**TASK**
Output all the entries below. Each must match exactly.

==== MATERIALS PROVIDED

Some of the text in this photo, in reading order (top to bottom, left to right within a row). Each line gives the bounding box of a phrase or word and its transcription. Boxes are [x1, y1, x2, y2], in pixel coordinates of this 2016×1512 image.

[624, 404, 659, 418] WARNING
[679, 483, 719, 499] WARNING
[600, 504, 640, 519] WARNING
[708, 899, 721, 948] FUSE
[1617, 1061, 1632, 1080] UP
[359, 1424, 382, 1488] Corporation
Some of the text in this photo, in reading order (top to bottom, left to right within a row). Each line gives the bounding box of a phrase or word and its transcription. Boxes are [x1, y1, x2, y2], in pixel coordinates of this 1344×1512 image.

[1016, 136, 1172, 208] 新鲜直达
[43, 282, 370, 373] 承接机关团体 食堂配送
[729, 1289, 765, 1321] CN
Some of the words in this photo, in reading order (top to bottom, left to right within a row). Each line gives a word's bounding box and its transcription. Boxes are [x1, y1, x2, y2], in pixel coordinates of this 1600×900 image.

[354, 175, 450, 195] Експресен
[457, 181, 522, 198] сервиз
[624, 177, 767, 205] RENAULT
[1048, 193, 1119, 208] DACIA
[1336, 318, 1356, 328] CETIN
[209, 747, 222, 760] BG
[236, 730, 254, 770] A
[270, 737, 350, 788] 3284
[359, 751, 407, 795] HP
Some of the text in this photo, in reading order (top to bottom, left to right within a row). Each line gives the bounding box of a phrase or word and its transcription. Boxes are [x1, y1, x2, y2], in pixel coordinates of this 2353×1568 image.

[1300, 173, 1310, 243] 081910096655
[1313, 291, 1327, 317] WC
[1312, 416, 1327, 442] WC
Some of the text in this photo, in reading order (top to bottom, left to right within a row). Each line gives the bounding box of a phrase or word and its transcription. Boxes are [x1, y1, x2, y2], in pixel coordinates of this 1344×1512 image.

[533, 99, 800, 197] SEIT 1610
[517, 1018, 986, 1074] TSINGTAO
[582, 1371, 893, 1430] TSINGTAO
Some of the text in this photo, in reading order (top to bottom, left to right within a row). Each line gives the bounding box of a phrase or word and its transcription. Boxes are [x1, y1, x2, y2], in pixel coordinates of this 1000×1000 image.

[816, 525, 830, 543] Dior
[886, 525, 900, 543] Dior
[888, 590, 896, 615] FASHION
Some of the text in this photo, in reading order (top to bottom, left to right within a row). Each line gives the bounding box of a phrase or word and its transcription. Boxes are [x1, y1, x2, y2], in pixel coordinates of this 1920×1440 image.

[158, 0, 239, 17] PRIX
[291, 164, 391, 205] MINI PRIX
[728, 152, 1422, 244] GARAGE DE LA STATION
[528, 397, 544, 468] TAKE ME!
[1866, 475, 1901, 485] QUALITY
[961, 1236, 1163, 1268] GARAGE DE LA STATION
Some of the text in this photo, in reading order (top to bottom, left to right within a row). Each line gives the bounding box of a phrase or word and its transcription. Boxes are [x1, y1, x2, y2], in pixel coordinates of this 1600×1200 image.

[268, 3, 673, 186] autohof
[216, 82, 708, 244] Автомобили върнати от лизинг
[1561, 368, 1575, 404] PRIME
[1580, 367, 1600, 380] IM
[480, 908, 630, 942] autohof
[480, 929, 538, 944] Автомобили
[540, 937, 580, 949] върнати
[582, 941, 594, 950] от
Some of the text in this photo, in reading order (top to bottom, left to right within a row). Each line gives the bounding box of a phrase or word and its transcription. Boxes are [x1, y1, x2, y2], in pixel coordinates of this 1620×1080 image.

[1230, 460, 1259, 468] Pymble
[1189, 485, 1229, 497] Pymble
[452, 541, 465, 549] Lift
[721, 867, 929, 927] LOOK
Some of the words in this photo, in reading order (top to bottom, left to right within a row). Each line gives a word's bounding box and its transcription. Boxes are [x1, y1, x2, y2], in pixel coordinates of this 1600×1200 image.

========

**TASK ANSWER**
Some of the text in this photo, in reading order (top to bottom, left to right within a row). Each line gives the bounding box of a phrase or word and its transcription. Boxes are [x1, y1, x2, y2], in pixel coordinates of this 2016×1512 image.

[624, 404, 659, 418] WARNING
[679, 483, 719, 499] WARNING
[600, 504, 640, 519] WARNING
[708, 899, 721, 948] FUSE
[1617, 1061, 1632, 1080] UP
[359, 1424, 382, 1488] Corporation
Some of the text in this photo, in reading order (top to bottom, left to right within a row). Each line gives the bounding box of a phrase or word and its transcription. Boxes are [x1, y1, x2, y2], in pixel coordinates of this 1344×1512 image.

[1016, 136, 1172, 208] 新鲜直达
[43, 282, 370, 373] 承接机关团体 食堂配送
[729, 1289, 765, 1321] CN
Some of the words in this photo, in reading order (top to bottom, left to right within a row). Each line gives a word's bounding box and its transcription. Boxes are [x1, y1, x2, y2], in pixel coordinates of this 1600×900 image.

[354, 175, 450, 195] Експресен
[457, 181, 522, 198] сервиз
[624, 177, 767, 205] RENAULT
[1048, 193, 1119, 208] DACIA
[1336, 318, 1356, 328] CETIN
[209, 747, 222, 760] BG
[236, 730, 254, 770] A
[270, 737, 350, 788] 3284
[359, 751, 407, 795] HP
Some of the text in this photo, in reading order (top to bottom, left to right within a row). Each line gives the bounding box of a phrase or word and its transcription. Boxes are [x1, y1, x2, y2], in pixel coordinates of this 2353×1568 image.

[1300, 173, 1310, 243] 081910096655
[1313, 291, 1327, 317] WC
[1312, 416, 1327, 442] WC
Some of the text in this photo, in reading order (top to bottom, left to right within a row). Each line gives the bounding box of a phrase or word and its transcription. Boxes are [x1, y1, x2, y2], in pixel coordinates of this 1344×1512 image.

[533, 99, 800, 197] SEIT 1610
[517, 1018, 986, 1074] TSINGTAO
[582, 1371, 893, 1430] TSINGTAO
Some of the text in this photo, in reading order (top to bottom, left to right within a row). Each line gives the bounding box of a phrase or word and its transcription. Boxes are [x1, y1, x2, y2], in pixel coordinates of this 1000×1000 image.

[816, 525, 830, 543] Dior
[886, 525, 900, 543] Dior
[888, 590, 896, 615] FASHION
Some of the text in this photo, in reading order (top to bottom, left to right within a row). Each line gives the bounding box of a phrase or word and its transcription. Boxes are [x1, y1, x2, y2], in pixel coordinates of this 1920×1440 image.

[158, 0, 239, 17] PRIX
[291, 164, 391, 205] MINI PRIX
[728, 152, 1422, 244] GARAGE DE LA STATION
[528, 397, 544, 468] TAKE ME!
[1866, 475, 1901, 485] QUALITY
[961, 1236, 1163, 1268] GARAGE DE LA STATION
Some of the text in this photo, in reading order (top to bottom, left to right within a row). Each line gives the bounding box of a phrase or word and its transcription. Boxes are [x1, y1, x2, y2], in pixel coordinates of this 1600×1200 image.

[268, 3, 673, 186] autohof
[216, 82, 708, 244] Автомобили върнати от лизинг
[1561, 368, 1575, 404] PRIME
[1580, 367, 1600, 380] IM
[480, 908, 630, 942] autohof
[480, 929, 538, 944] Автомобили
[540, 937, 580, 949] върнати
[582, 941, 594, 950] от
Some of the text in this photo, in reading order (top to bottom, left to right within a row). Each line gives the bounding box of a phrase or word and its transcription. Boxes are [x1, y1, x2, y2], in pixel coordinates of this 1620×1080 image.

[1230, 460, 1259, 468] Pymble
[1189, 485, 1229, 497] Pymble
[452, 541, 465, 549] Lift
[721, 867, 929, 927] LOOK
Some of the words in this photo, in reading order (top to bottom, left to right within a row). Each line gives a word's bounding box and its transcription. Boxes are [x1, y1, x2, y2], in pixel coordinates of this 1600×1200 image.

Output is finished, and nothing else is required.